WASHINGTON — President Bush named former Secret Service director John Magaw as head of the new Transportation Security Administration on Monday, bypassing the usual confirmation process by making the appointment while the Senate is in recess.

Bush's action means that Magaw can serve without confirmation for about a year, until the end of the Senate's next session.

The agency Magaw will head is an arm of the Transportation Department and was created in the aftermath of the Sept. 11 terrorist attacks. It will be responsible for developing and deploying new airport security measures.

The agency is to take charge of all airline security matters by Feb. 19. Magaw will oversee the hiring of 28,000 airport security screeners and the installation of new systems to detect explosives in checked baggage.

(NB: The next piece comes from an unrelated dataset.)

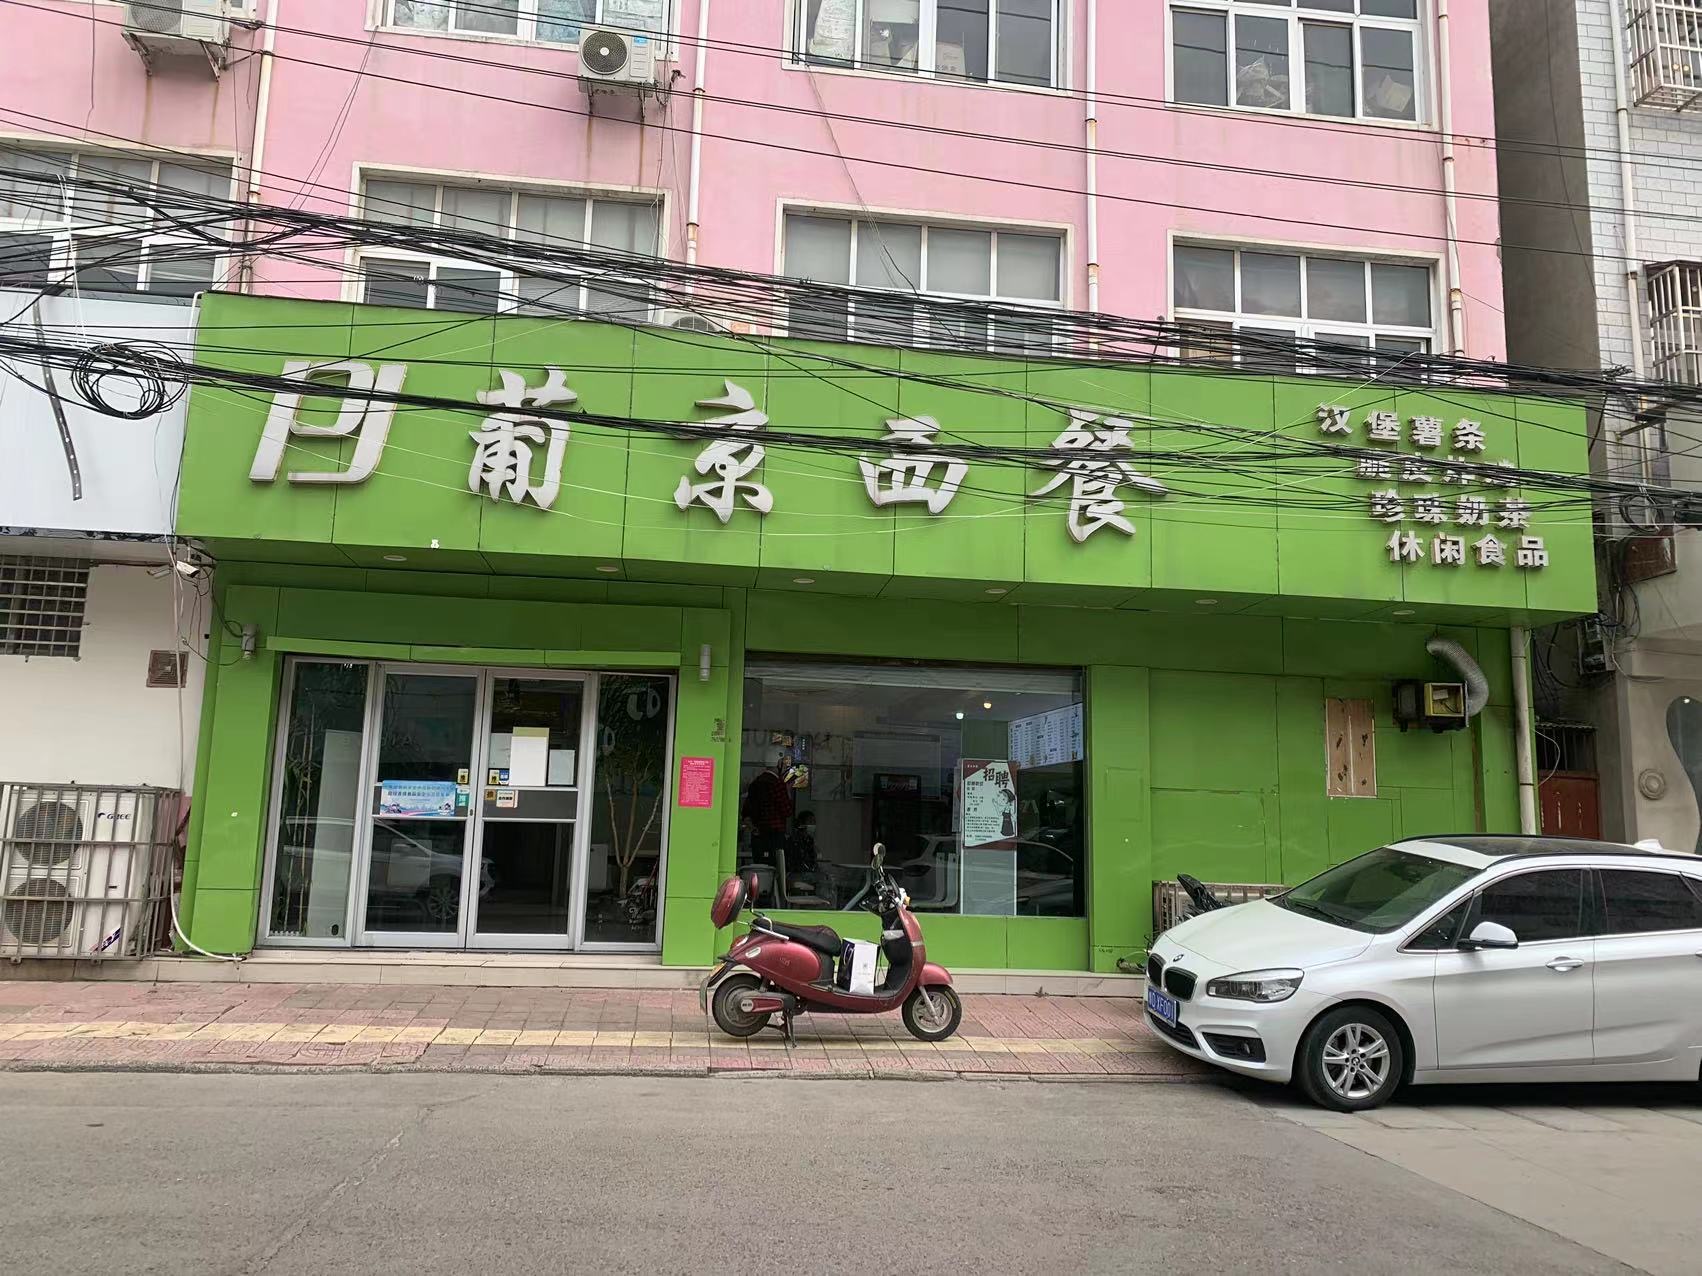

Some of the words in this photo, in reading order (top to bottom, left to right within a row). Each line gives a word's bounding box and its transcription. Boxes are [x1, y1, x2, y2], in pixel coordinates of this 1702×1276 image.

Bush announced Magaw's nomination as undersecretary of Transportation for security Dec. 10. It was stalled amid procedural maneuvering on unrelated issues at the end of the last congressional session.

Magaw, 66, who also headed the Bureau of Alcohol, Tobacco and Firearms, has worked for the last two years as an anti-terrorism advisor to the Federal Emergency Management Agency.

The Constitution grants the president power to make temporary appointments to fill important government jobs without the Senate's consent while the chamber is in recess. Such postings expire at the end of the next congressional session--in Magaw's case, that probably means by the end of this year.

Occasionally, senators upset about a particular nomination will protest the use of recess appointments as an abuse of presidential power.

But this year, there was little reported controversy about the Magaw nomination, and it was not entirely clear why the Senate failed to act on it before adjourning Dec. 20 for a winter break. Congress is due to reconvene Jan. 23.

A spokeswoman for Senate Majority Leader Tom Daschle (D-S.D.) had no immediate comment on the White House announcement.